En vista de la dimensión socioambiental del problema, que no hace más que empeorar, Armiero resalta el papel clave de la ciencia ficción, que influye en los imaginarios colectivos sobre el futuro y los desechos (p. 13), lo cual consigue, principalmente, a través de las ruinas (p. 13-4). Las ruinas simbolizarían, según Armiero, el desecho de la modernidad en futuros distópicos en los que dicha categoría histórico-social, entendida desde una perspectiva decolonial, ya no tendría cabida. Ciertamente es común encontrar ruinas en la ficción climática: urbes convertidas en escombreras que representan de forma gráfica el desmoronamiento ambiental y social de futuros distópicos azotados por el cambio climático.

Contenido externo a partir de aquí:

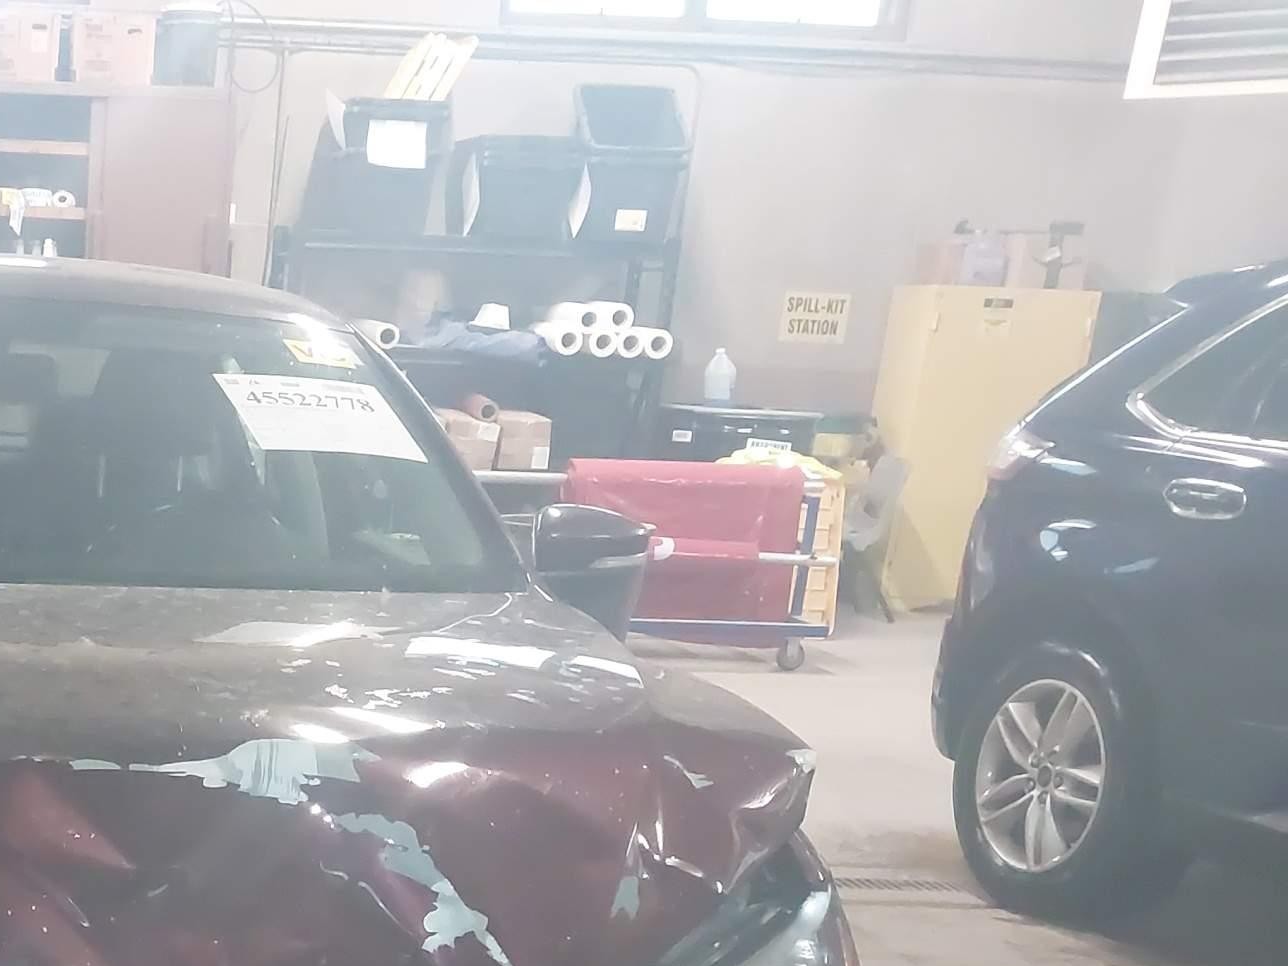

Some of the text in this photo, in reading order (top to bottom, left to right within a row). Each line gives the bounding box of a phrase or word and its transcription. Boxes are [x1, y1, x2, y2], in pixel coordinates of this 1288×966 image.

[787, 296, 847, 314] SPILL-KIT
[787, 318, 839, 336] STATION
[246, 391, 375, 413] 45522778

Un conocido ejemplo es la superproducción Elysium, película del 2013 dirigida por Neill Blomkamp y protagonizada por Matt Damon y Jodie Foster entre otros. La película presenta un Los Ángeles ruinoso en un entorno baldío y extremadamente árido, altamente contaminado y superpoblado. Por otro lado, una élite reside en una estación espacial llamada Elysium, un lugar lujoso y frondoso, lleno de recursos naturales. La obra resalta cuestiones de inequidad y privilegio, con un cierto componente racial (la mayoría de los habitantes de Elysium son blancos, mientras que aquellos que pueblan Los Ángeles son personas racializadas, principalmente de ascendencia latina). Como es común en las superproducciones, más allá de la crítica social el énfasis recae en la acción (y la violencia), con numerosos ejemplos de actitudes paternalistas y machistas, y un protagonista que se presenta como un Jesucristo cíborg que sacrifica su integridad física uniéndose a un exoesqueleto mecánico para actuar como salvador de la humanidad, mientras lucha contra una enfermedad terminal y sus demonios internos. Aunque la dimensión judeocristiana de la obra es problemática, es cierto que la película consigue representar los cuerpos de los habitantes terrestres como ruinosos y desechables, cuerpos explotados y enfermos que acumulan, al igual que el entorno natural, la toxicidad de los residuos que resultan del privilegio de unos pocos mientras sufren las consecuencias del cambio climático. Esta perspectiva contrasta con la de otras superproducciones como la entrañable Wall-E, de Andrew Stanton (2008), que también explora el problema de La Tierra como vertedero, poniendo el énfasis en la sociedad de consumo pero sin hacer mención alguna a cuestiones de inequidad e injusticia socioambiental.
La literatura ciertamente también ha abordado estas cuestiones, y de forma más compleja, en el buen sentido de la palabra. Los ejemplos van desde aclamadas novelas como La Parábola del Sembrador (The Parable of the Sower, 1993), de Octavia E. Butler, hasta la casi desconocida Lunar Braceros: 2125-2148 (2009), de Beatrice Pita y Rosaura Sánchez. Solo falta que, como sociedad, reconozcamos y empecemos a frenar el alto coste de nuestro estilo de vida, no solo por su impacto a nivel ambiental, dada su contribución al cambio climático y la degradación generaliza de nuestros entornos, sino también por su altísimo coste social.